Pierre Chiffelle, ancien conseiller d’Etat vaudois, dénonce les limites du projet d’ordonnance élaboré par le groupe de travail de la Confédération dont il fait partie. Ce groupe a été constitué après le succès populaire de l’initiative Weber afin de négocier sa mise en œuvre. Le 18 juin, une audition permettra aux parties concernées de s’exprimer à son sujet. La polémique se poursuit donc au sujet de l’application concrète du texte, qui limite à 20% le taux de maisons de vacances dans les communes suisses.

Le Temps: Quelle pierre d’achoppement subsiste entre les initiants et les autres membres du groupe de travail, maintenant qu’un accord a été annoncé par l’Office fédéral du développement territorial?

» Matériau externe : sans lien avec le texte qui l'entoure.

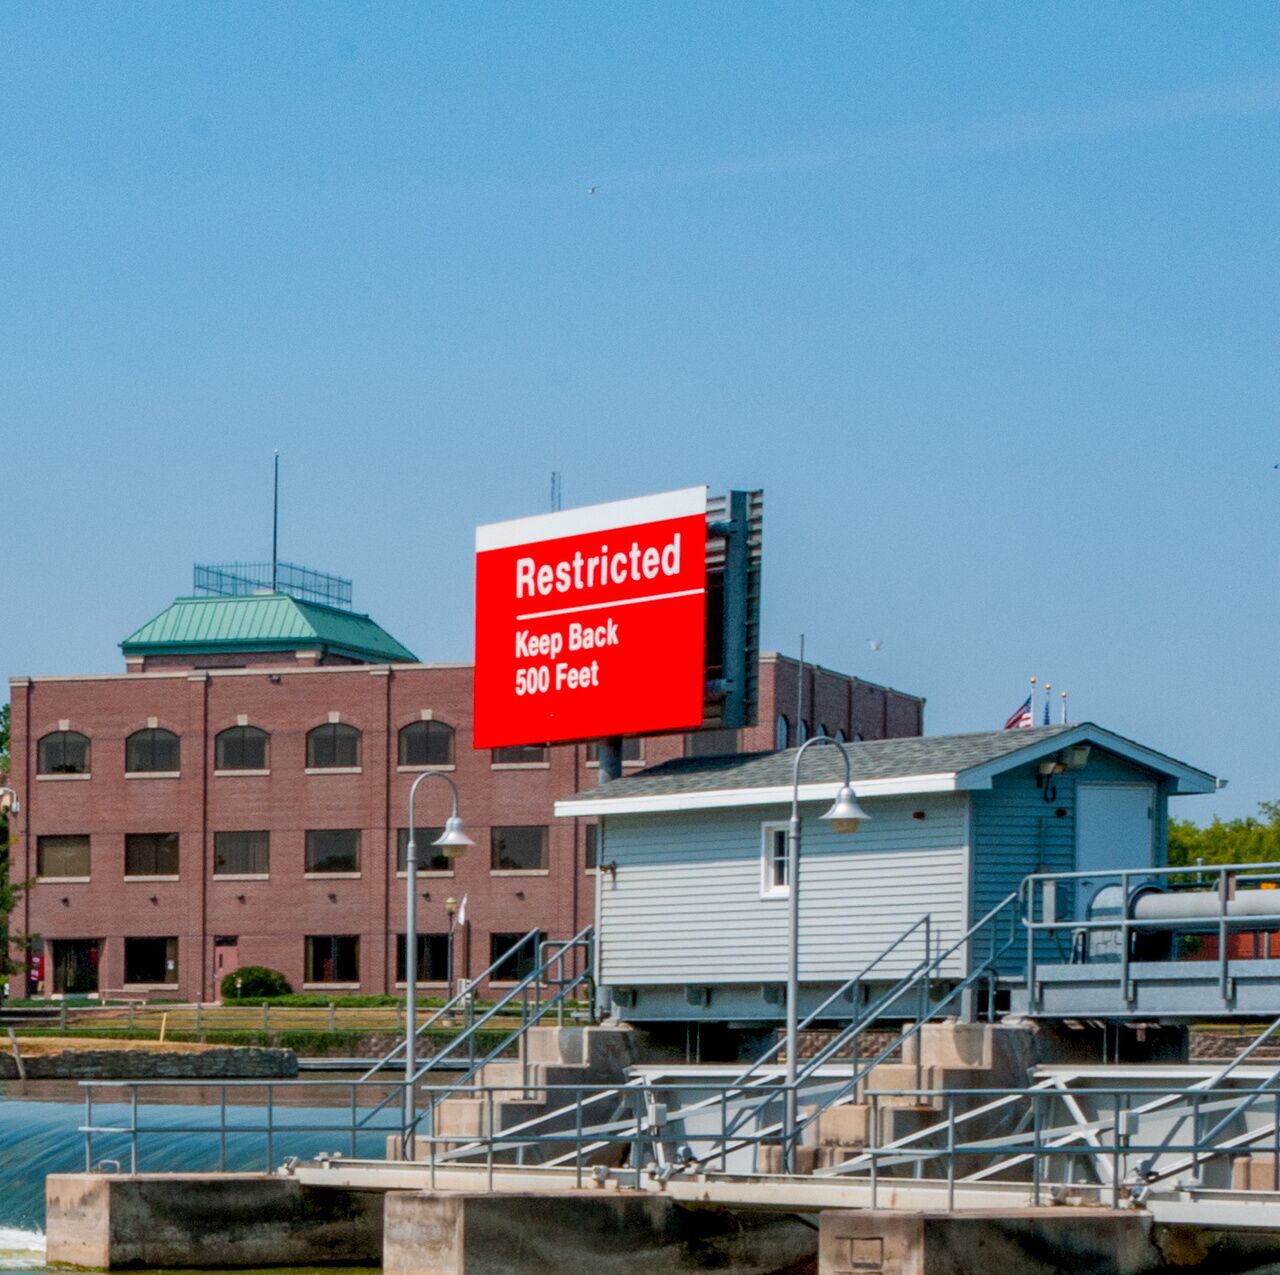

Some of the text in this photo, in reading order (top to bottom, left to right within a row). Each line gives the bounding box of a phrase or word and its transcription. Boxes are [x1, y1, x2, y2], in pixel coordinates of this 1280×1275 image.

[516, 532, 681, 599] Restricted
[515, 617, 619, 660] Keep Back
[515, 660, 599, 696] 500 Feet

Pierre Chiffelle: C’est l’idée que les logements existants peuvent être vendus et transmis par succession. L’ordonnance, dans sa formulation actuelle, garantit les droits acquis avant le vote du 11 mars 2012. Nous y sommes opposés. C’est un détournement clair de la volonté populaire. En effet, des résidences principales, une fois vendues ou héritées, pourront devenir des logements secondaires. Le transfert risque d’être massif. La hausse des prix, à l’achat ou à la location, est programmée. Elle pénalisera les gens qui cherchent à s’établir dans ces communes.

– Quel est, en revanche, le point positif?

– Il y a désormais une définition univoque de ce qu’il faut entendre par «résidence secondaire». Tout logement qui n’est pas le domicile légal des occupants fera partie de cette catégorie.

– Y a-t-il d’autres éléments du projet d’ordonnance qui suscitent vos réticences?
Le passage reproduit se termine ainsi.